Первое, что она сделала, стремительно въехав на машине во двор своей усадьбы, приказала найти Полину. Не говоря ни слова, она схватила ее за руку и втащила в полуподвальное бетонное цокольное помещение дома, где когда-то была коптильня, а сейчас хранились продовольственные и иные запасы и всяческая рухлядь.

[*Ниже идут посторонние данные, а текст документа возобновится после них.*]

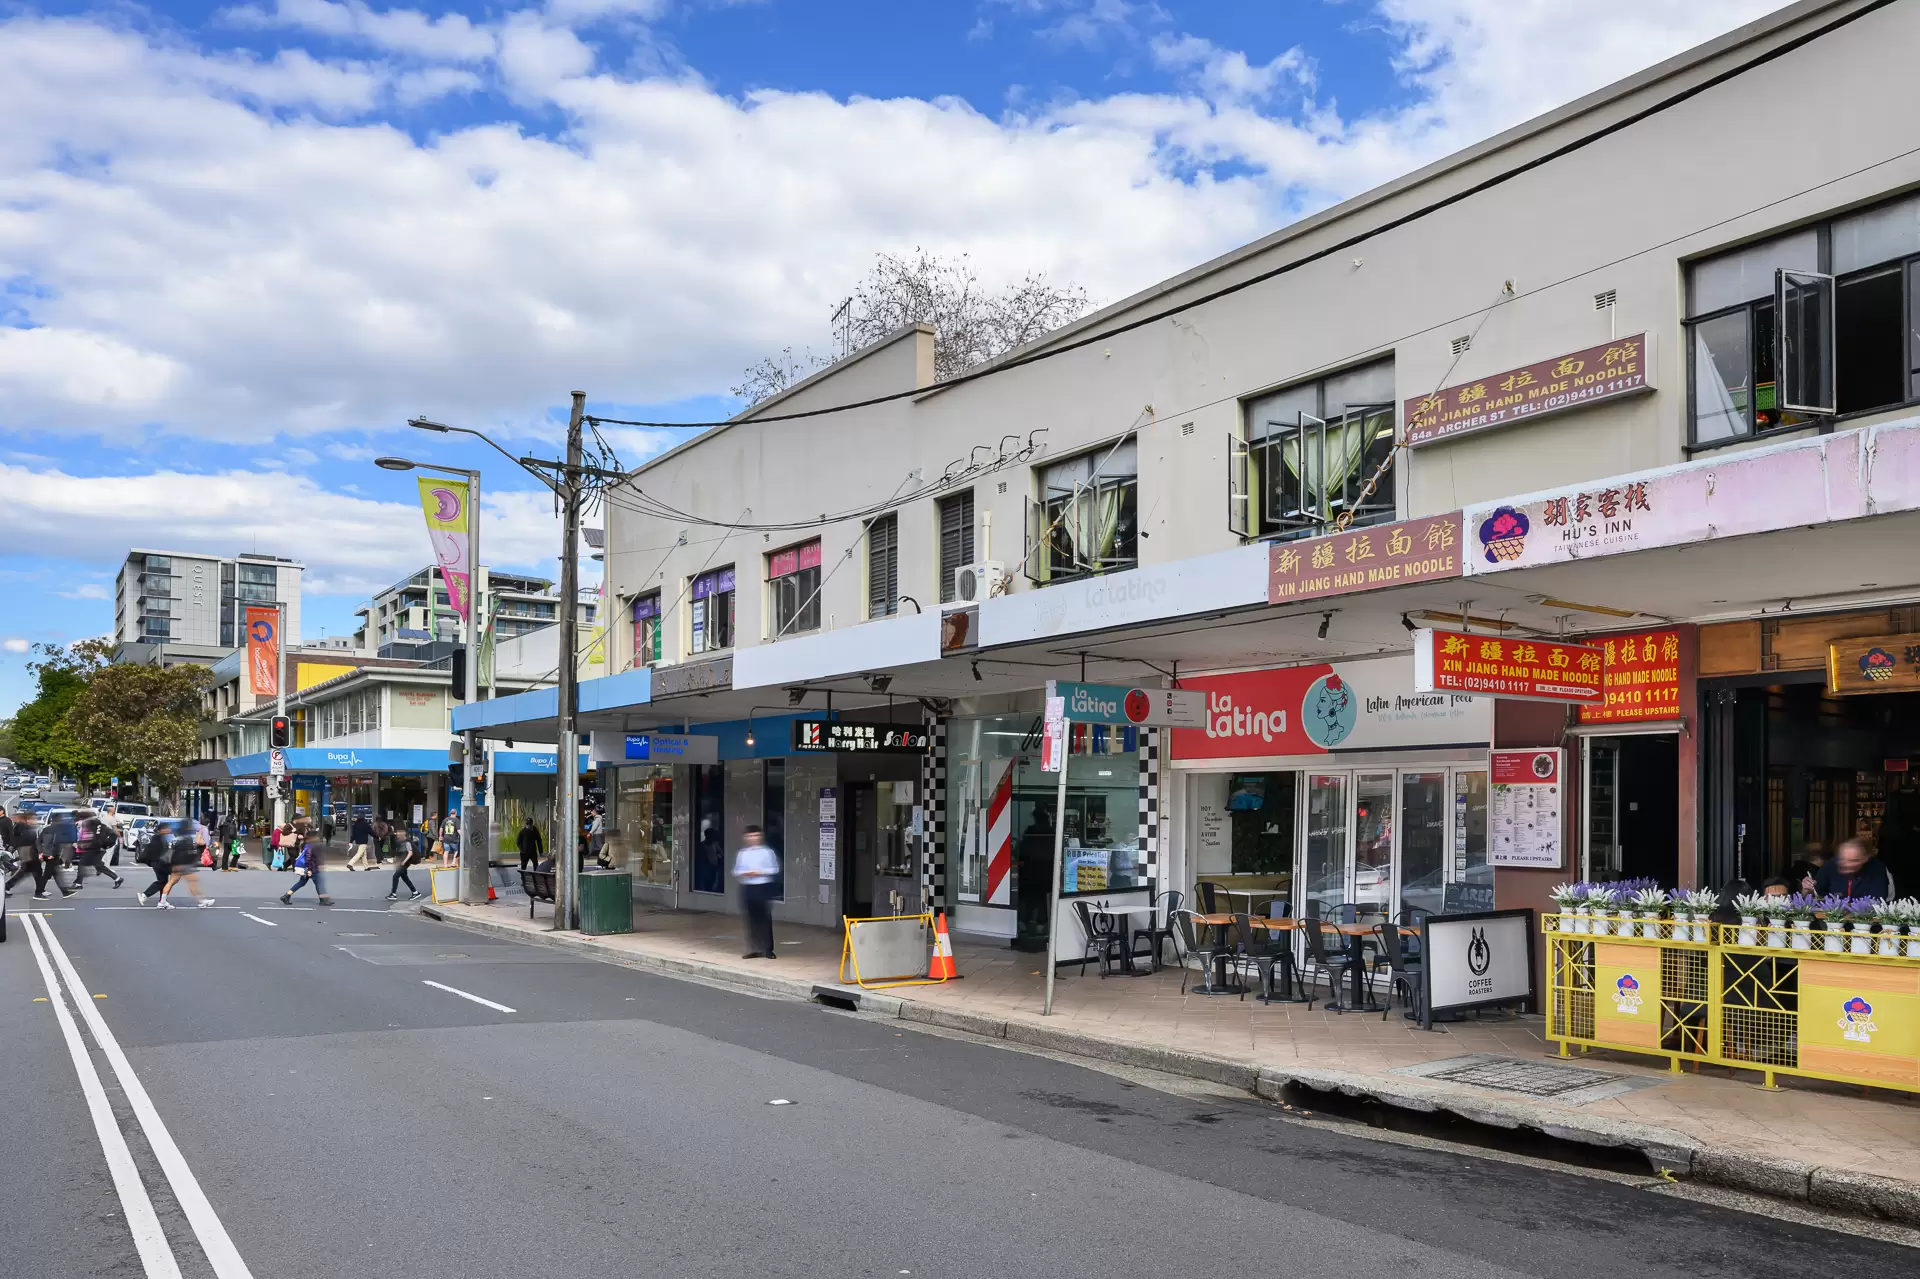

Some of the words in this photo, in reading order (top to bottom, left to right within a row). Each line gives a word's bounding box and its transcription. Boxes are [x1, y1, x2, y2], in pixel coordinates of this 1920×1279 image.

[1416, 416, 1437, 428] XIN
[1441, 404, 1480, 422] JIANG
[1486, 393, 1523, 410] HAND
[1528, 380, 1568, 399] MADE
[1574, 362, 1637, 387] NOODLE
[1412, 430, 1432, 441] 84a
[1438, 415, 1487, 434] ARCHER
[1490, 410, 1506, 420] ST
[1513, 402, 1541, 416] TEL:
[1544, 384, 1604, 409] (02)9410
[1608, 374, 1642, 391] 1117
[1563, 526, 1598, 541] HU'S
[1605, 520, 1632, 534] INN
[1554, 539, 1600, 552] TAIWANESE
[1604, 532, 1640, 545] CUISINE
[192, 565, 203, 606] QUEST
[1278, 583, 1296, 598] XIN
[1299, 578, 1330, 594] JIANG
[1334, 573, 1365, 588] HAND
[1368, 565, 1400, 582] MADE
[1404, 556, 1453, 577] NOODLE
[1586, 635, 1679, 666] 疆拉面館
[1443, 660, 1462, 672] XIN
[1466, 662, 1498, 674] JIANG
[1502, 665, 1529, 678] HAND
[1532, 668, 1559, 681] MADE
[1562, 671, 1599, 684] NOODLE
[1614, 672, 1630, 686] HAND
[1632, 670, 1650, 684] MADE
[1652, 668, 1676, 682] NOODLE
[1440, 675, 1462, 687] TEL:
[1464, 676, 1506, 690] (02)9410
[1508, 680, 1529, 692] 1117
[1366, 696, 1390, 713] Latin
[1395, 694, 1444, 711] American
[1646, 688, 1678, 702] 1117
[1616, 708, 1642, 716] PLEASE
[1645, 706, 1680, 715] UPSTAIRS
[832, 726, 874, 738] 哈利发型
[884, 731, 926, 747] Salon
[1469, 978, 1492, 988] COFFEE
[1469, 987, 1492, 995] ROASTERS
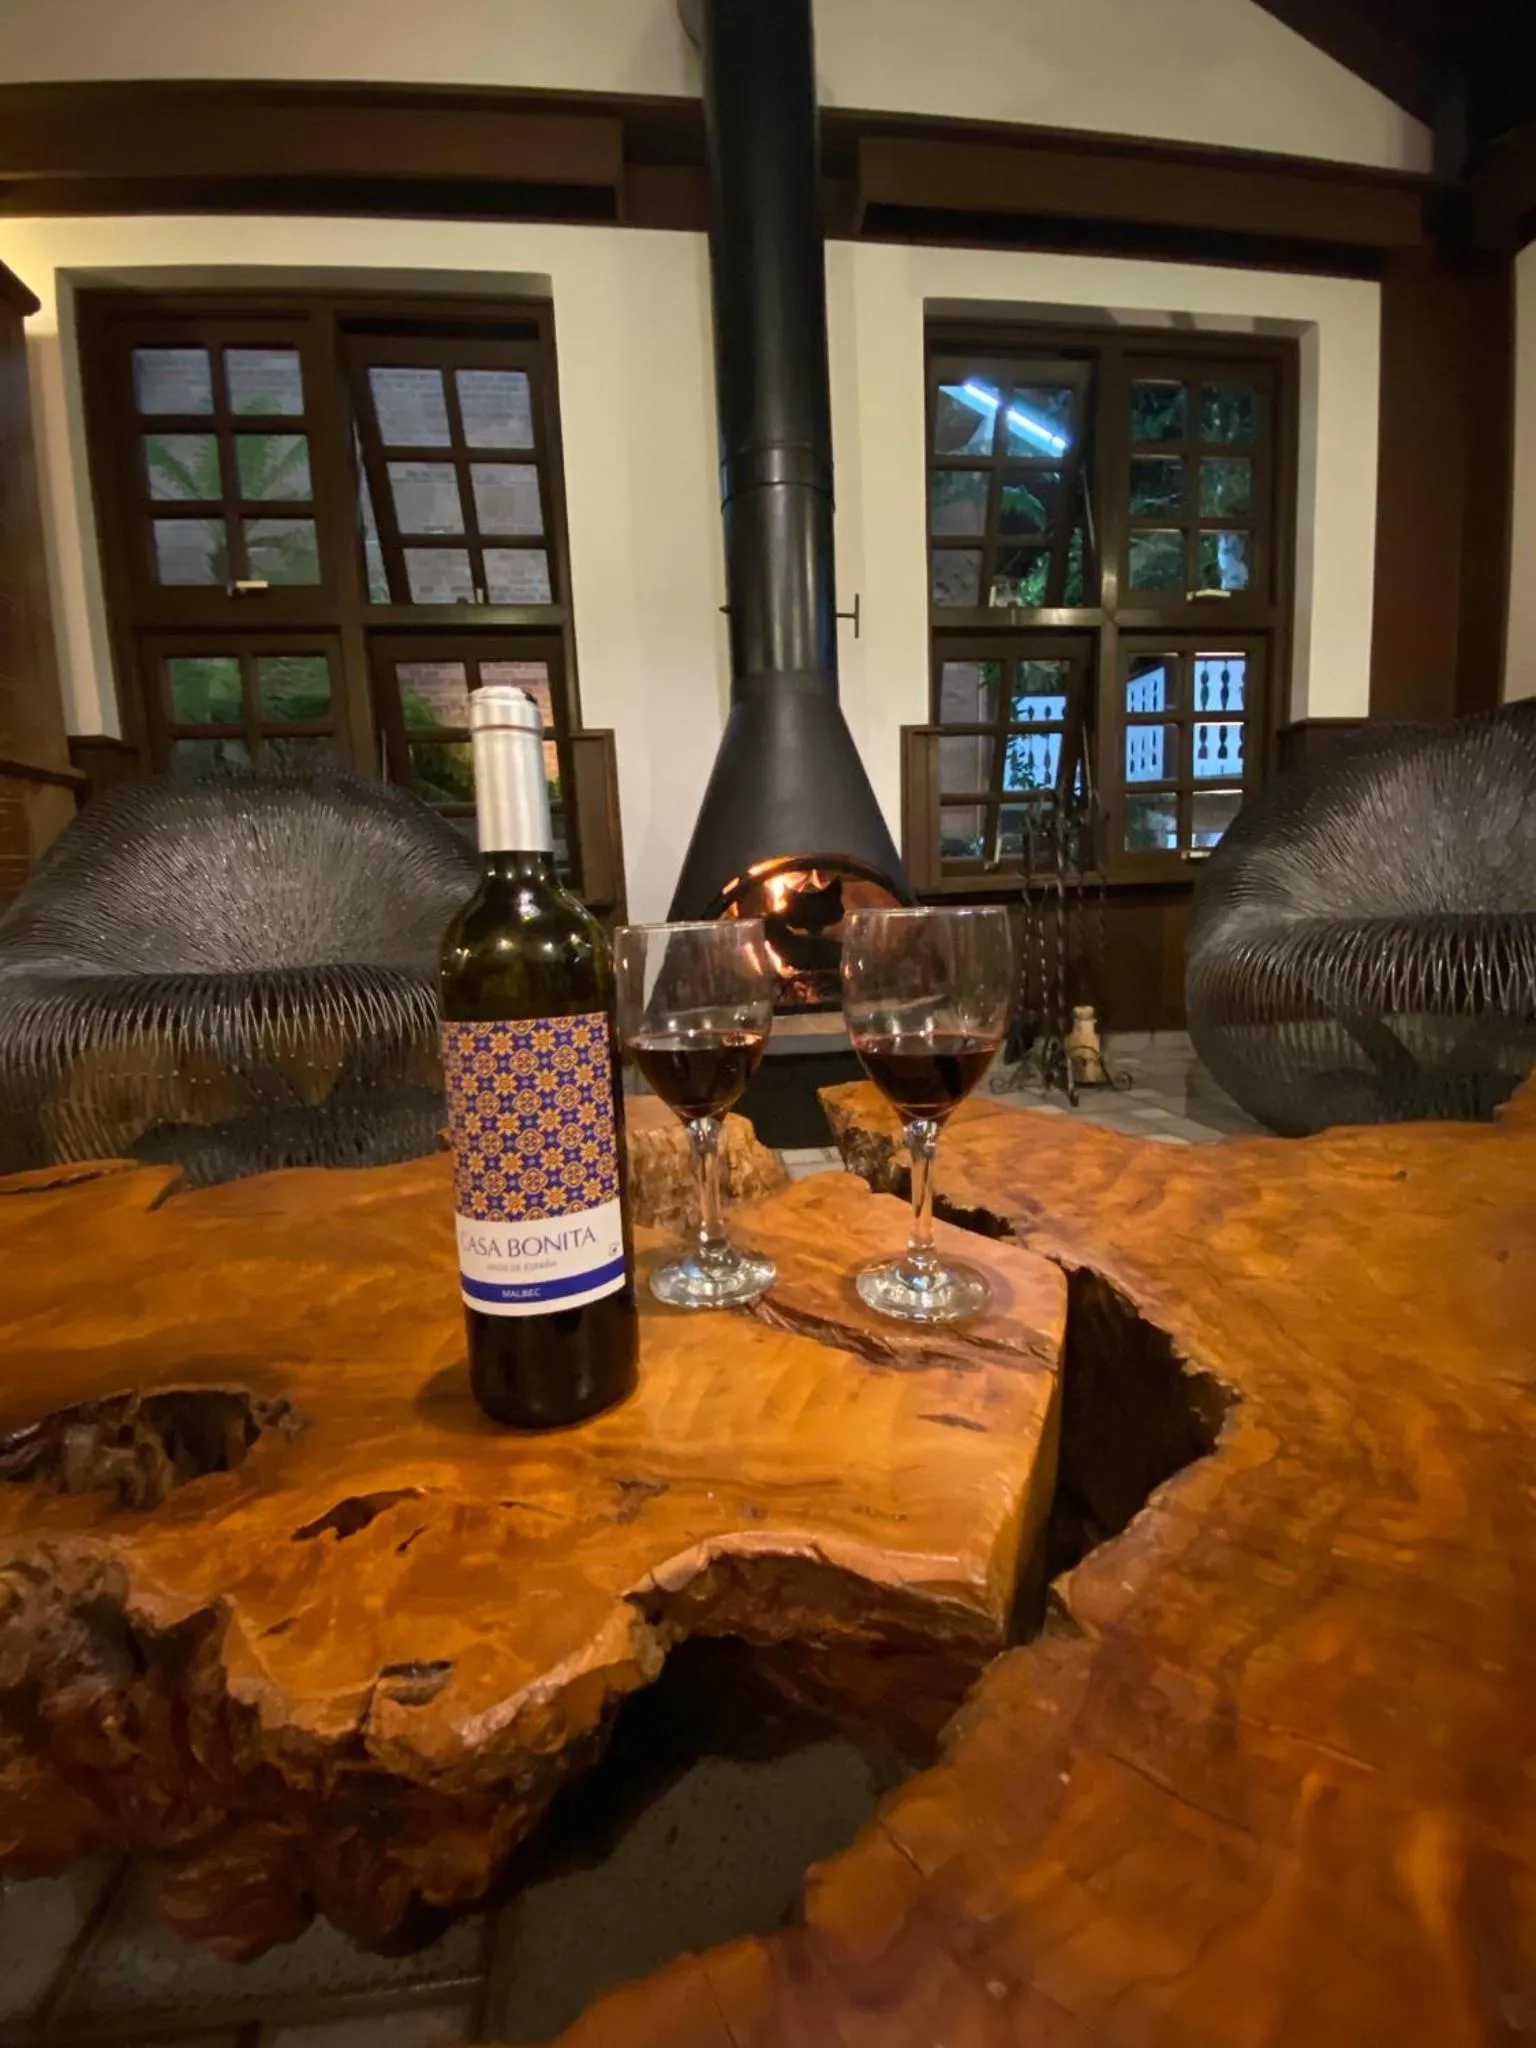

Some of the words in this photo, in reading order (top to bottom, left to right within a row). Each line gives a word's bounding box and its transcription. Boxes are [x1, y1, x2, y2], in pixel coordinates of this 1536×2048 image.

[460, 1230, 502, 1257] CASA
[507, 1226, 596, 1258] BONITA
[502, 1287, 541, 1298] MALBEC

Посреди подвала стоял большой деревянный стол, обитый железом, предназначенный для разделки мяса. Полина с удивлением и тревогой наблюдала, как Гертруда сбросила с лавки на пол соломенный тюфяк и ватный матрас, одеяло, подушку. Старуха приказала девушке сделать из них постель на столе. Потом велела ей принести два ведра воды, рядом с ними поставила таз. После этого она села, сложила руки под грудью и, опустив голову, долго молчала.

Решение запереть Полину в подвале, чтобы не допустить ее встречи с русскими солдатами, пришло ей в голову ещё в машине, по ходу рассказа офицера о катастрофическом положении на фронте. Она так и поступила, действуя спонтанно. А сейчас задумалась: имеет ли это смысл? Если русские придут, как долго они будут здесь оставаться? Рожать Полина будет только осенью. Столько времени удерживать ее под замком невозможно. В усадьбе полно людей и своих, и чужих, утаить что-то от их глаз и ушей трудно. Тем более, что в большинстве своём эти глаза и уши к дружелюбию с ней не расположены.

Наконец, решив, что ещё есть время, чтобы что-нибудь придумать, шлёпнув ладонями по коленям, она встала.

– Пока будешь жить здесь, – сказала Гертруда, – еду тебе буду приносить. Выходить ты не сможешь. Буду тебя закрывать. Стульчак найдёшь вон там в углу. По ночам будешь выносить.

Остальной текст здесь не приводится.